ALLEGORIES GONE WILD! Ron Sossi ignited Max Frisch’s The Arsonists, at the Odyssey Theatre, in a way that made the play seem applicable to a wide variety of contemporary situations in which foxes are invited into henhouses – depending on who you think are the foxes and who are the hens.  Marya Mazor took Edward Albee’s The Goat, or Who is Sylvia? to a level of intimacy at the little Chance Theater that had been missing in the Taper’s grander production in 2005.

Albert (AJ) Meijer in "Wounded"

IRAQ PLAYS: THE HOME FRONT: Tom Burmester’s Los Angeles Theatre Ensemble created Wounded and A Nation of Two (formerly known as Survived) separately, in earlier years, but this year the company revived them in a riveting but too-brief repertory season, at the Powerhouse in Santa Monica. Because they have yet to get the attention they deserve, I’m plugging them yet again. Wounded is a devastating examination of a group of soldiers and their loved ones at Walter Reed Army Medical Center, while A Nation of Two is a harrowing look at a dead soldier’s survivors trying to sort through their conflicting claims on his memory.

Bengal Tiger at the Baghdad Zoo Photo by Craig Schwartz.

IRAQ PLAYS: THE IRAQ FRONT: Howard Korder’s In a Garden, at South Coast Repertory, nimbly illustrates the macrocosmic U.S.-Iraqi partnership through the microcosm of the relationship between a Middle Easter culture minister and the American architect whom he hires to create a garden retreat. Part of Bengal Tiger at the Baghdad Zoo is also set in a garden, but Rajiv Joseph adopted a much more lyrical, magically realistic style in his intertwining story of the title character and an Iraqi translator for the American forces. Center Theatre Group deserves credit for bringing back a slightly improved version to the Taper after the play’s 2009 premiere at the Douglas.

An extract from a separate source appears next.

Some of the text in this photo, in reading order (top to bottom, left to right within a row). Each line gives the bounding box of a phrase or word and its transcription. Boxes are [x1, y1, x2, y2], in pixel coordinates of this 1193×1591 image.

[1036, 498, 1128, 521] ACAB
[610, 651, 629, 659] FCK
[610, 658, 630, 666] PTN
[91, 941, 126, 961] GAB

The 25th Annual Putnam-County Spelling Bee

LAUGHING OUT LOUD: These productions made me laugh the loudest in 2010: The 25th Annual Putnam County Spelling Bee at La Mirada Theatre, Troubadour Theater’s A Wither’s Tale and The First Jo-el at the Falcon, Ann Randolph’s Loveland at Santa Monica Playhouse and Kidnapped by Craigslist: The Graveyard Shift, a SpyAnts production at Elephant Lab Theatre.

Ramon de Ocampo and Diarra Kilpatrick in SICK

NEW PLAYS SET IN LA: The title character in Luis Alfaro’s Oedipus el Rey is a young ex-con who returns to Pico-Union and becomes its “king,” thanks in part to a red-hot romance with an older woman. In Erik Patterson’s Sick, a motley assortment of LA characters struggle with several kinds of sickness – both real and imagined – in a lightly ironic style that belies the subject. Both plays are lyrical yet lean, and both received dynamic stagings. Jon Lawrence Rivera directed Alfaro’s play for Theatre@ Boston Court, and he produced Patterson’s, which Diane Rodriguez directed, for Playwrights’ Arena at Los Angeles Theatre Center, so Rivera deserves the title of LA New Play impresario of the year.

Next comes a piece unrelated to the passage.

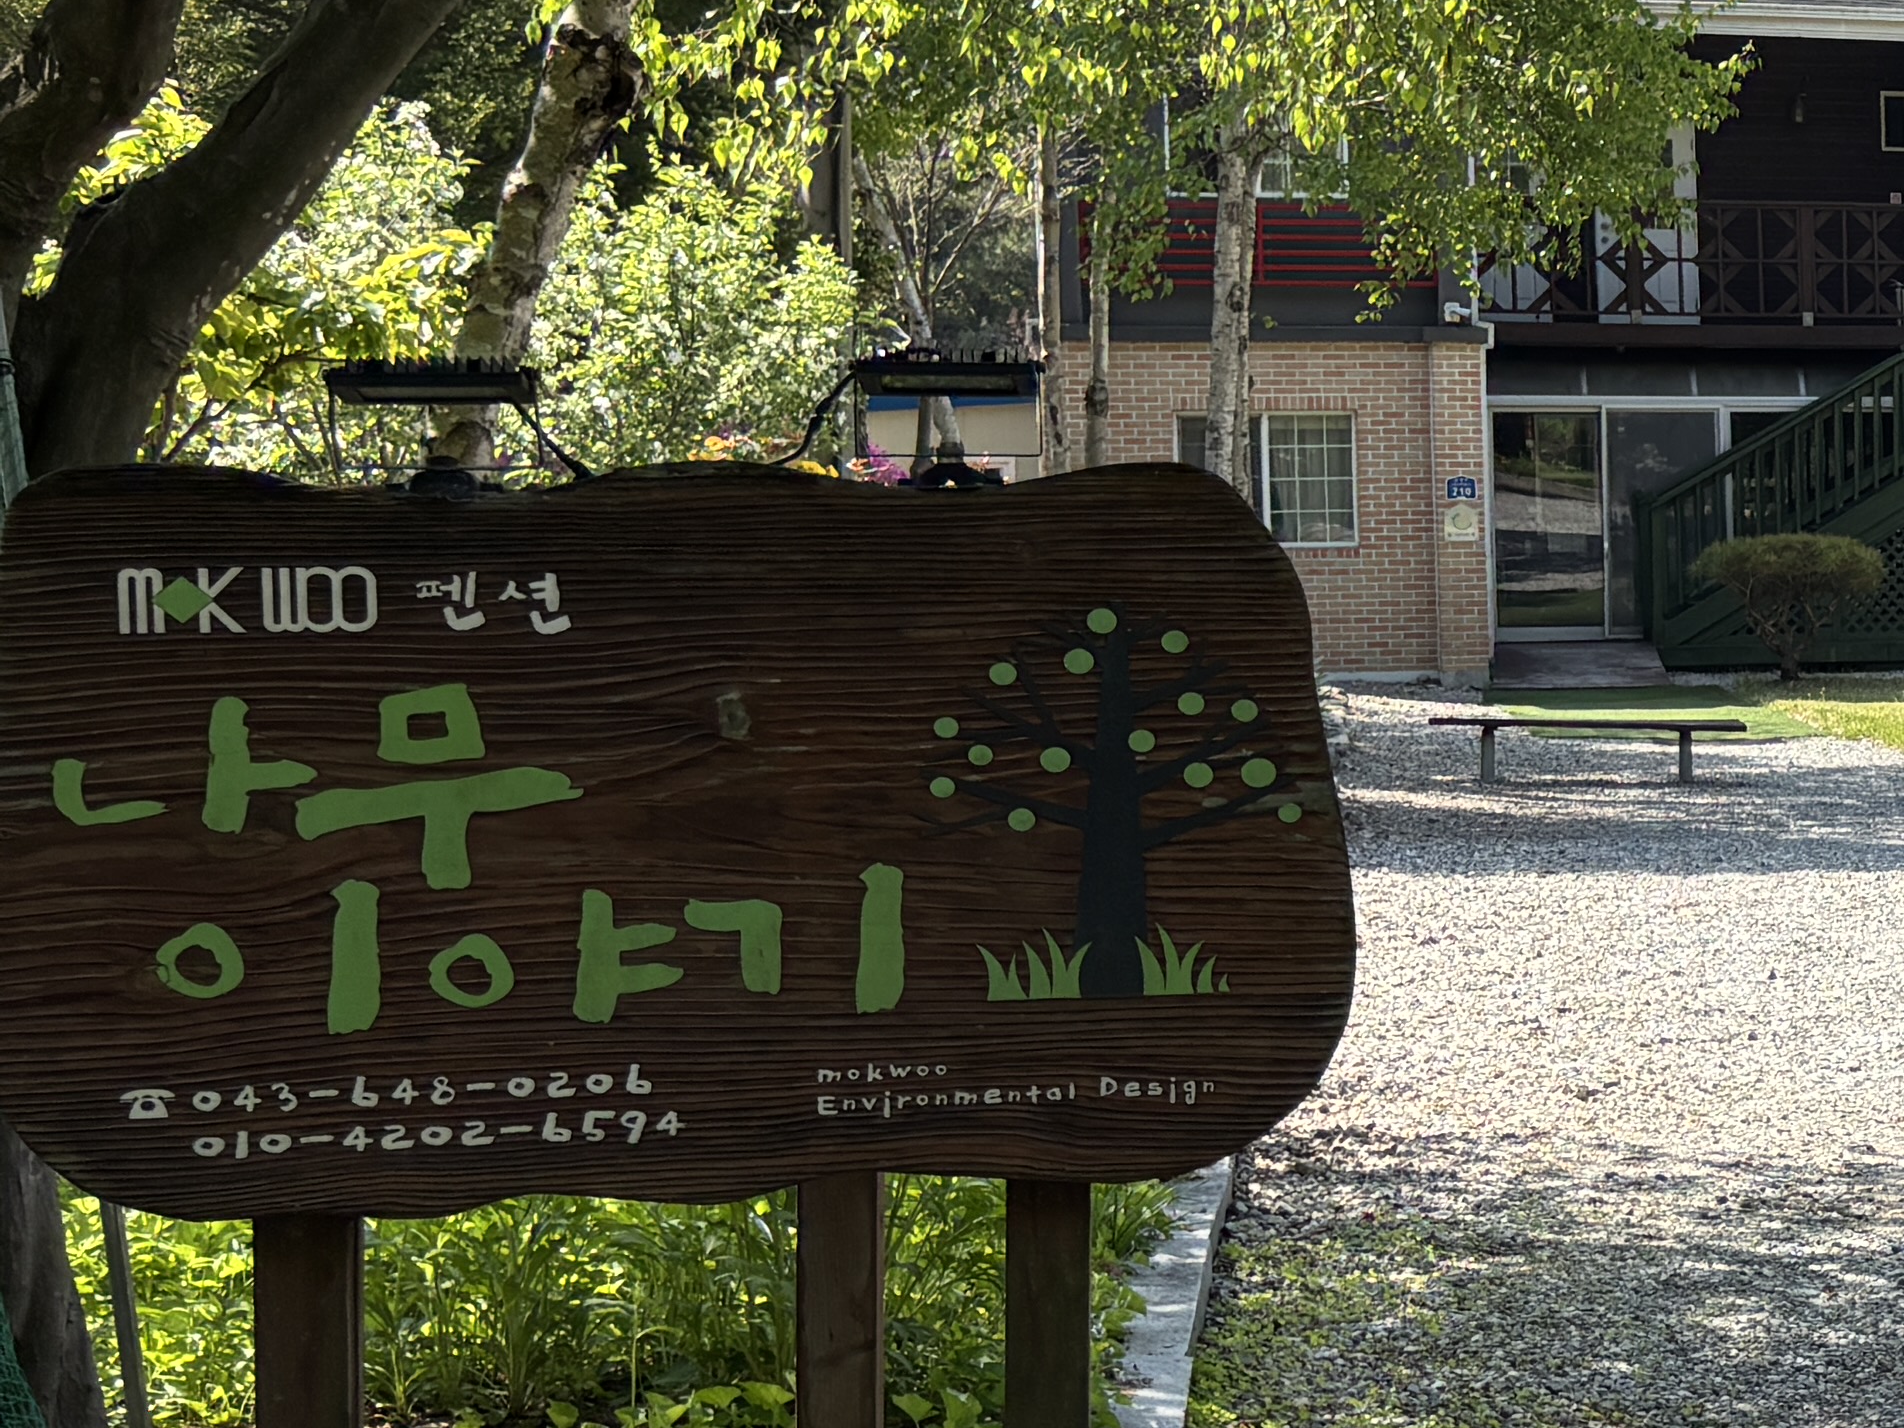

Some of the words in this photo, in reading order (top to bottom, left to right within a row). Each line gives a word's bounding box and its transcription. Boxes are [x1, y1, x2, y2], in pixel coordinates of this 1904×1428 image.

Kareem Ferguson, Kathleen Mary Carthy and Frank Ashmore in Charles Smith's Free Man of Color

19th CENTURY AMERICAN ADVENTURES: Charles Smith’s Free Man of Color tells the challenging and fascinating tale of a freed slave in the 1820s who’s drafted by his white benefactor to help lead the campaign to ship slaves back to Africa. Then he gradually realizes that “next year, in Freetown” isn’t what he has in mind for his life. Set about 60 years later, Sarah Ruhl’s In the Next Room or the Vibrator Play examines a doctor’s promotion of the use of vibrators to cure women’s “hysteria,” while he tries to keep his sheltered wife in the dark. Both of the productions – at the Colony and South Coast Repertory, respectively — brought wonderfully detailed characters to life in ways that resonate in the 21st century.

CAROUSEL set by Tom Buderwitz

OLD MUSICALS THAT START WITH ‘CA’: This category isn’t quite as randomly whimsical as it might appear. Pasadena Playhouse’s Camelot – its last production before it shut down for most of the year – and Reprise’s Carousel later in the same month, were both admirably stripped–down versions that combined costs savings with lucid aesthetic concepts. The directors were David Lee and Michael Michetti, respectively.

Geoff Elliot in "Measure for Measure"

Geoff Elliot in "Measure for Measure"

OLD PLAYS THAT START WITH ‘M’: This category, on the other hand, is about as randomly whimsical as this list gets. At South Coast Repertory, Martin Benson re-visited George Bernard Shaw’s Misalliance, using the same glittering set design that graced a 1988 SCR production, and once again the play felt like one of Shaw’s masterpieces. At A Noise Within, Michael Murray brought Measure for Measure, Shakespeare’s complicated comedy about sex and power, into the contemporary age with assurance.

Curt Hansen, Alice Ripley and Asa Somers in NEXT TO NORMAL. Photo by Craig Schwartz.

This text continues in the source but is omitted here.